The trade unions on the other hand did not have the funding restrictions of the previous respondents’ organisations and hence should have had far greater access to advice materials. Each of the trade unions questioned had at their disposal a law department and retained solicitors who could be contacted to provide extra information if this was deemed necessary by the respondent. The trade unions evidently had access to the most comprehensive sources of information, but it was not so evident if they used these sources proactively. A possible reason could be that which was noted in research by Kempston and Bryson (1994) who identified that advisers and advisory agencies may suffer from ‘information overload’ with too much information to be absorbed in too little time, and the pressure of constant up-dates in legislation and case-law (exacerbated in EU employment law) resulting in advisers not using the law immediately and intending to use it at a later date (corroborated by Coombs and Sedgwick 1998). Expert advice, relevant information sources and opportunities for advisers’ own research are critical in this area to ensure an effective service is offered to clients.

5.5 - Availability of Expert Legal Advice

To recap, the advisers in this research project were not legally qualified individuals but rather former trade union officials / shop stewards, people interested in legal or social issues, or those people who wanted to offer their services free of charge to assist the local community. Despite the highly professional nature of the work they performed, and the dedication they evidently demonstrated in their work, they were not lawyers and so would ultimately need the assistance of a lawyer for the more specialised work of advice in the potentially complex areas of employment law (including the EU dimension), or for representing workers at various tribunals and courts at which they had rights of audience.

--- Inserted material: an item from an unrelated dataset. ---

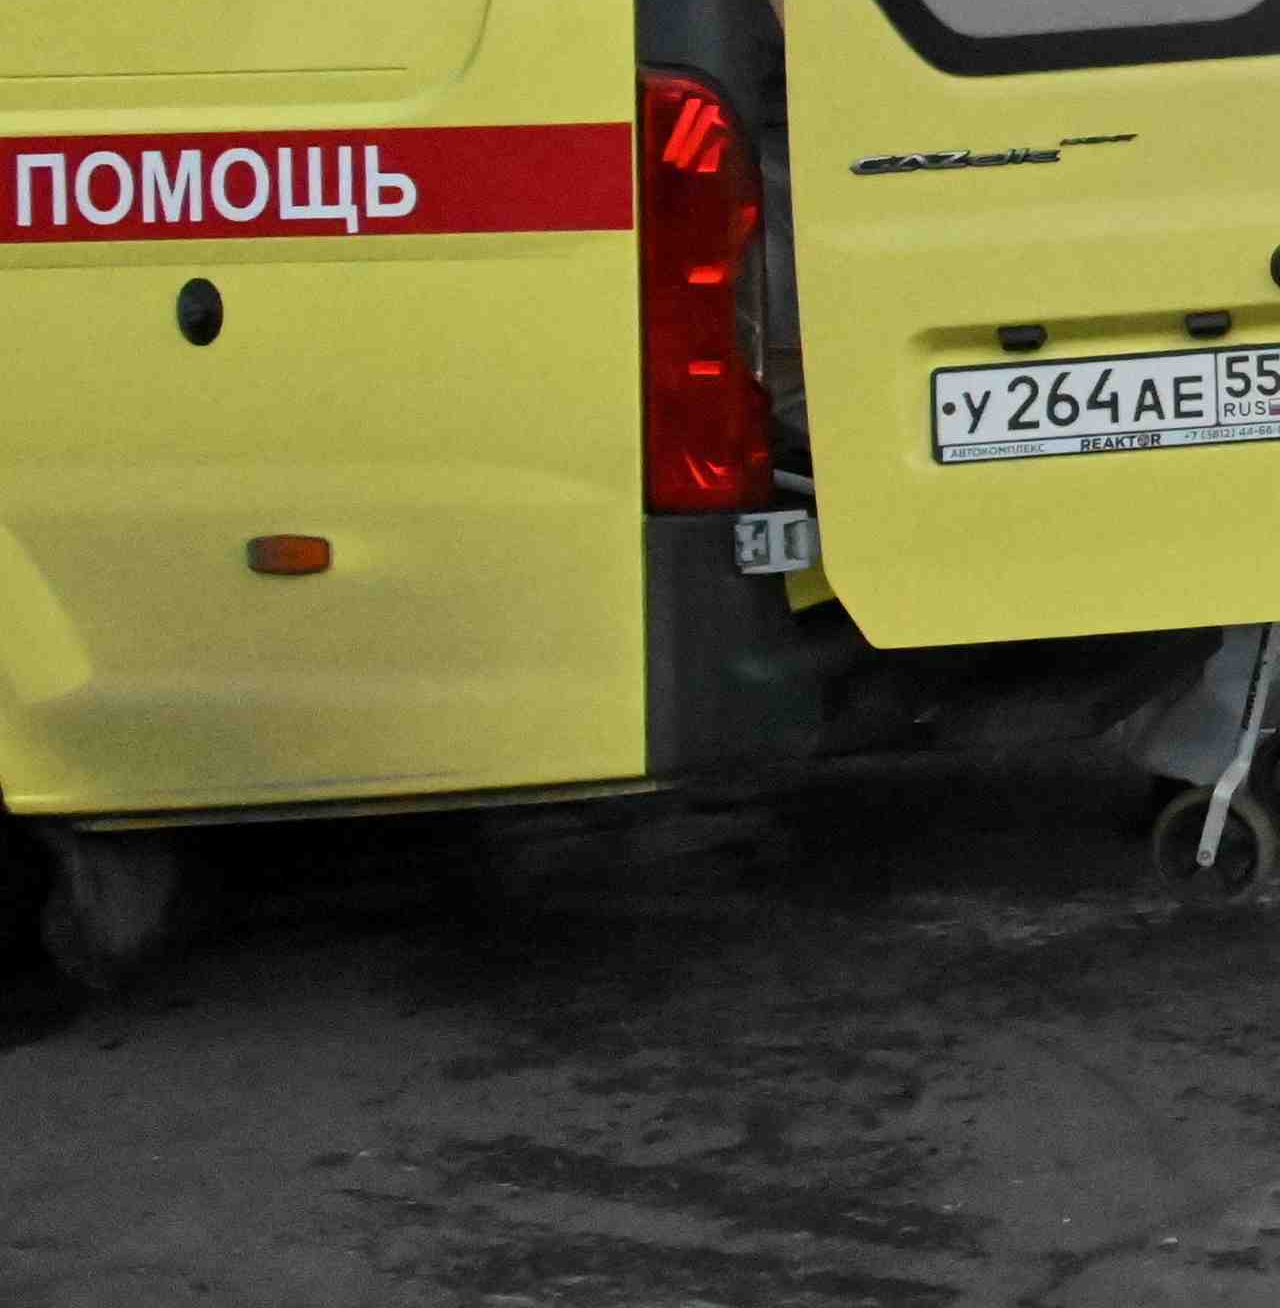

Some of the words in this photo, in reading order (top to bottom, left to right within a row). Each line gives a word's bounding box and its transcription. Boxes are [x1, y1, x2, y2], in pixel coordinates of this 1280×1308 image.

The availability of legal departments was relevant as each of the advice agencies had some level of legal help to call on if they had an issue to discuss or if they felt the level of help required was greater than they could personally offer. This in theory provides an excellent level of protection for the advisers and their clients who would be interested in advancing their own rights and/or those rights of workers throughout the workplace or country. However, accessing this resource may in reality be more difficult than perhaps anticipated for a number of reasons. Whilst the respondents spoke in detail about the advice given to clients of the availability of the advisers or the free legal help service, the evidence from wider research did not appear to correspond with what the workers knew of the help available.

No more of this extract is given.